Major Fraser, 'in spite of his English (sic) name, was decidedly not English, though he spoke the language.' He was (like Saint-Germain) 'one of the best dressed men of the period.... He lived alone, and never alluded to his parentage. He was always flush of money, though the sources of his income were a mystery to every one.' The French police vainly sought to detect the origin of Saint-Germain's supplies, opening his letters at the post-office. Major Fraser's knowledge of every civilised country at every period was marvellous, though he had very few books. 'His memory was something prodigious.... Strange to say, he used often to hint that his was no mere book knowledge. '"Of course, it is perfectly ridiculous,"' he remarked, with a strange smile, '"but every now and then I feel as if this did not come to me from reading, but from personal experience. At times I become almost convinced that I lived with Nero, that I knew Dante personally, and so forth."'[48] At the major's death not a letter was found giving a clue to his antecedents, and no money was discovered. Did he die? As in the case of Saint-Germain, no date is given. The author had an idea that the major was 'an illegitimate son of some exalted person' of the period of Charles IV. and Ferdinand VII. of Spain.

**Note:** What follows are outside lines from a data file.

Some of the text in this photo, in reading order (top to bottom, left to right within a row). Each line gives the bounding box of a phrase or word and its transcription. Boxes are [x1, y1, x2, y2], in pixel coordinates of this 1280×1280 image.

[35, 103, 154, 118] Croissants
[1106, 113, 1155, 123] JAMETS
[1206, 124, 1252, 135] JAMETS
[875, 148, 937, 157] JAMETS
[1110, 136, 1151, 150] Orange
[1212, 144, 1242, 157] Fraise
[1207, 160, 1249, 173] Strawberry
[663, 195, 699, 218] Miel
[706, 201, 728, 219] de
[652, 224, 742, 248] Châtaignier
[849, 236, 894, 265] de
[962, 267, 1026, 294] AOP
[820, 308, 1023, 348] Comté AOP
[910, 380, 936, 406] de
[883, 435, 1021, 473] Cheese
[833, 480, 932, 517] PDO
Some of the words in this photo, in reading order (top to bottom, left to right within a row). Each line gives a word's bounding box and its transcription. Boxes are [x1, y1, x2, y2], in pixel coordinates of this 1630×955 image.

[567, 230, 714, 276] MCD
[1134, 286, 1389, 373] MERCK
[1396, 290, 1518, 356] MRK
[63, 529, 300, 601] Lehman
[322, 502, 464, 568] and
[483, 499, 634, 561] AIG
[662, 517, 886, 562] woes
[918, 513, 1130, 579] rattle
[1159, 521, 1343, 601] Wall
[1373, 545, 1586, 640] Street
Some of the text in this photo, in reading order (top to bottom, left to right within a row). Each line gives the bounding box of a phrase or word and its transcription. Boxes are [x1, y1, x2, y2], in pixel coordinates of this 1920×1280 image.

The author does not mention Saint-Germain, and may never have heard of him. If his account of Major Fraser is not mere romance, in that warrior we have the undying friend of Louis XV. and Madame de Pompadour. He had drunk at Medmenham with Jack Wilkes; as Riccio he had sung duets with the fairest of unhappy queens; he had extracted from Blanche de Béchamel the secret of Goby de Mouchy. As Pinto, he told much of his secret history to Mr. Thackeray, who says: 'I am rather sorry to lose him after three little bits of Roundabout Papers.'

Did Saint-Germain really die in a palace of Prince Charles of Hesse about 1780-85? Did he, on the other hand, escape from the French prison where Grosley thought he saw him, during the French Revolution? Was he known to Lord Lytton about 1860? Was he then Major Fraser? Is he the mysterious Muscovite adviser of the Dalai Lama? Who knows? He is a will-o'-the-wisp of the memoir-writers of the eighteenth century. Whenever you think you have a chance of finding him in good authentic State papers, he gives you the slip; and if his existence were not vouched for by Horace Walpole, I should incline to deem of him as Betsy Prig thought of Mrs. Harris.